● **Exercise objective**
Give the listing again exactly, skipping any pictures it holds.

★ ★ ★

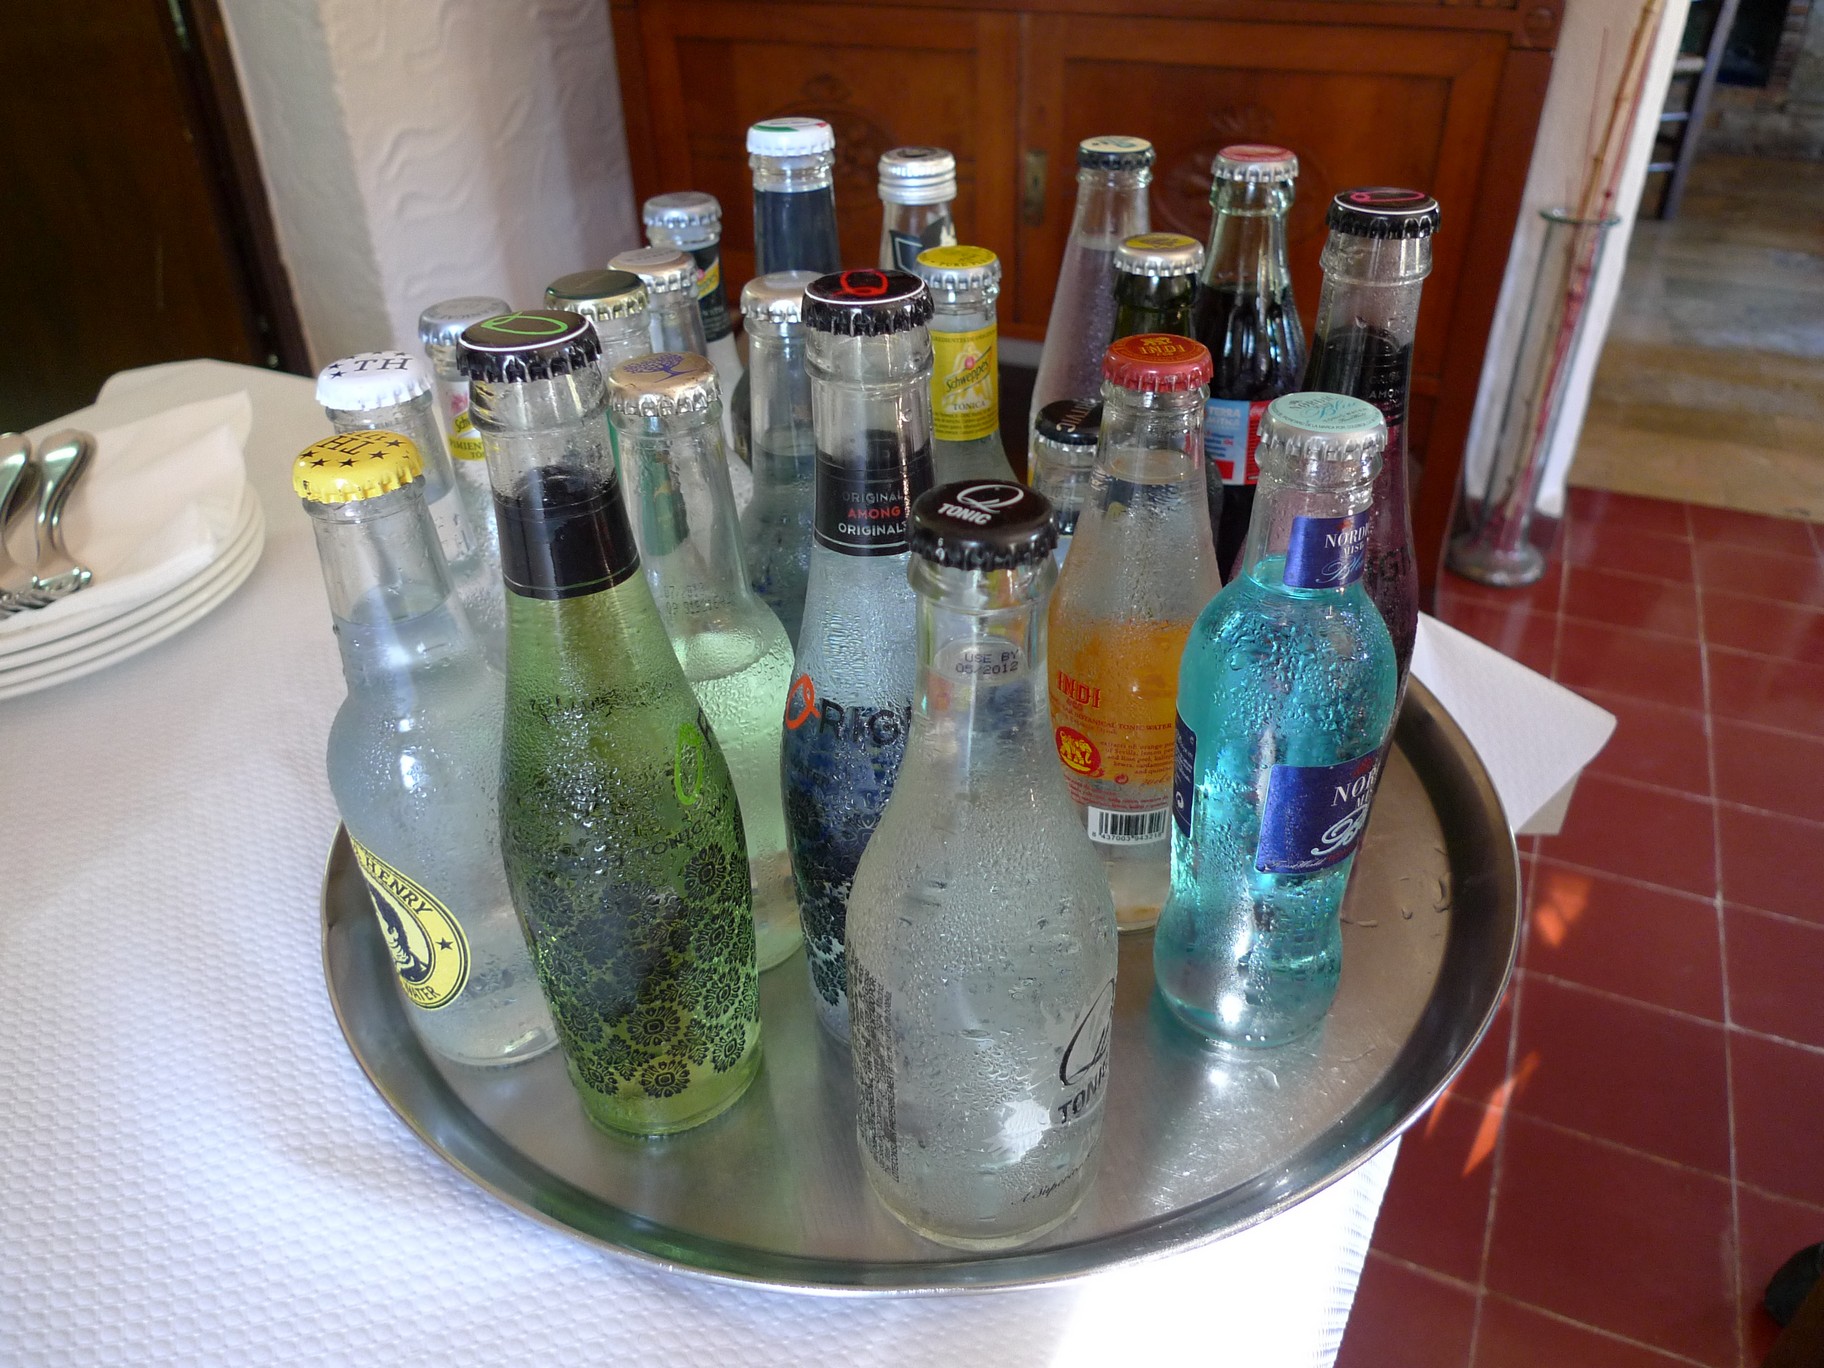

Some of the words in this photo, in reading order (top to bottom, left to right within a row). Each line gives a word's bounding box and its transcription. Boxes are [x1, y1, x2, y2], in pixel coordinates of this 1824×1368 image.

[1140, 345, 1185, 354] INDI
[354, 358, 413, 372] TH
[945, 361, 989, 393] Schweppes
[847, 505, 902, 520] AMONG
[937, 503, 992, 526] TONIC
[964, 653, 993, 664] USE
[1001, 648, 1020, 662] BY
[955, 661, 1020, 676] 05/2012
[1057, 669, 1101, 709] INDI
[1118, 723, 1144, 731] TONIC
[1145, 722, 1173, 732] WATER
[365, 855, 434, 915] HENRY

★ ★ ★

● **Answer to the exercise**
Some of the words in this photo, in reading order (top to bottom, left to right within a row). Each line gives a word's bounding box and its transcription. Boxes are [x1, y1, x2, y2], in pixel coordinates of this 1824×1368 image.

[1140, 345, 1185, 354] INDI
[354, 358, 413, 372] TH
[945, 361, 989, 393] Schweppes
[847, 505, 902, 520] AMONG
[937, 503, 992, 526] TONIC
[964, 653, 993, 664] USE
[1001, 648, 1020, 662] BY
[955, 661, 1020, 676] 05/2012
[1057, 669, 1101, 709] INDI
[1118, 723, 1144, 731] TONIC
[1145, 722, 1173, 732] WATER
[365, 855, 434, 915] HENRY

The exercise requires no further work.